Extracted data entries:
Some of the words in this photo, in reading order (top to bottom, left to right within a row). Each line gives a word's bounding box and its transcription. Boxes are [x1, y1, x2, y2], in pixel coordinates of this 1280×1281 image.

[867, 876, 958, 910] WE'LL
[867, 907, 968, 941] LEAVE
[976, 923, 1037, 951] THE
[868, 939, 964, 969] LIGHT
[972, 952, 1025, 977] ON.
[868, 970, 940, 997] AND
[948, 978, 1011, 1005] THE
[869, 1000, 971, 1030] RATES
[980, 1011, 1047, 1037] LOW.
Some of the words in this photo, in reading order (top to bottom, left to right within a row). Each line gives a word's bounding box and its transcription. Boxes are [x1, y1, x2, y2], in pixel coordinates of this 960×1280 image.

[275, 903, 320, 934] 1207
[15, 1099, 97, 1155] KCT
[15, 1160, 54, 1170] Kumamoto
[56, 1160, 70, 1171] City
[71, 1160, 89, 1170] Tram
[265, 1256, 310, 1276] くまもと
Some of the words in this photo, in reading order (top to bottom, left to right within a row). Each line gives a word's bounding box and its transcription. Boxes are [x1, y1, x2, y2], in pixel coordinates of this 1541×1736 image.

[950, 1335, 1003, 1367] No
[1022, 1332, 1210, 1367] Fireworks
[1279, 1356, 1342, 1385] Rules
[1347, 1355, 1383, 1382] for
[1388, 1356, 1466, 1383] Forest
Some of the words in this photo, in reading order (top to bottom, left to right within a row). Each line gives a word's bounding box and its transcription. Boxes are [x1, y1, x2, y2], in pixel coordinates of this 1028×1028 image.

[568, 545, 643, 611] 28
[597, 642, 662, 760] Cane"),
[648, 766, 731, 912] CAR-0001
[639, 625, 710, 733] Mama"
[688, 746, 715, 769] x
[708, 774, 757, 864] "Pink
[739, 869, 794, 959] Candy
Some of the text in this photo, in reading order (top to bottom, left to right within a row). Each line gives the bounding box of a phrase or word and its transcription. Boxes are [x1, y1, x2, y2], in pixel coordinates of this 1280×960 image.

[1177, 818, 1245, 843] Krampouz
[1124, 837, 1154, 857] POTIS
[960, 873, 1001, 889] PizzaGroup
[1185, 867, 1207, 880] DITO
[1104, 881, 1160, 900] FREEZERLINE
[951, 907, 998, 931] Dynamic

### TASK STATEMENT
Each entry is to be retyped precisely as it stands.

### RESPONSE BELOW
Some of the words in this photo, in reading order (top to bottom, left to right within a row). Each line gives a word's bounding box and its transcription. Boxes are [x1, y1, x2, y2], in pixel coordinates of this 1280×1281 image.

[867, 876, 958, 910] WE'LL
[867, 907, 968, 941] LEAVE
[976, 923, 1037, 951] THE
[868, 939, 964, 969] LIGHT
[972, 952, 1025, 977] ON.
[868, 970, 940, 997] AND
[948, 978, 1011, 1005] THE
[869, 1000, 971, 1030] RATES
[980, 1011, 1047, 1037] LOW.
Some of the words in this photo, in reading order (top to bottom, left to right within a row). Each line gives a word's bounding box and its transcription. Boxes are [x1, y1, x2, y2], in pixel coordinates of this 960×1280 image.

[275, 903, 320, 934] 1207
[15, 1099, 97, 1155] KCT
[15, 1160, 54, 1170] Kumamoto
[56, 1160, 70, 1171] City
[71, 1160, 89, 1170] Tram
[265, 1256, 310, 1276] くまもと
Some of the words in this photo, in reading order (top to bottom, left to right within a row). Each line gives a word's bounding box and its transcription. Boxes are [x1, y1, x2, y2], in pixel coordinates of this 1541×1736 image.

[950, 1335, 1003, 1367] No
[1022, 1332, 1210, 1367] Fireworks
[1279, 1356, 1342, 1385] Rules
[1347, 1355, 1383, 1382] for
[1388, 1356, 1466, 1383] Forest
Some of the words in this photo, in reading order (top to bottom, left to right within a row). Each line gives a word's bounding box and its transcription. Boxes are [x1, y1, x2, y2], in pixel coordinates of this 1028×1028 image.

[568, 545, 643, 611] 28
[597, 642, 662, 760] Cane"),
[648, 766, 731, 912] CAR-0001
[639, 625, 710, 733] Mama"
[688, 746, 715, 769] x
[708, 774, 757, 864] "Pink
[739, 869, 794, 959] Candy
Some of the text in this photo, in reading order (top to bottom, left to right within a row). Each line gives the bounding box of a phrase or word and its transcription. Boxes are [x1, y1, x2, y2], in pixel coordinates of this 1280×960 image.

[1177, 818, 1245, 843] Krampouz
[1124, 837, 1154, 857] POTIS
[960, 873, 1001, 889] PizzaGroup
[1185, 867, 1207, 880] DITO
[1104, 881, 1160, 900] FREEZERLINE
[951, 907, 998, 931] Dynamic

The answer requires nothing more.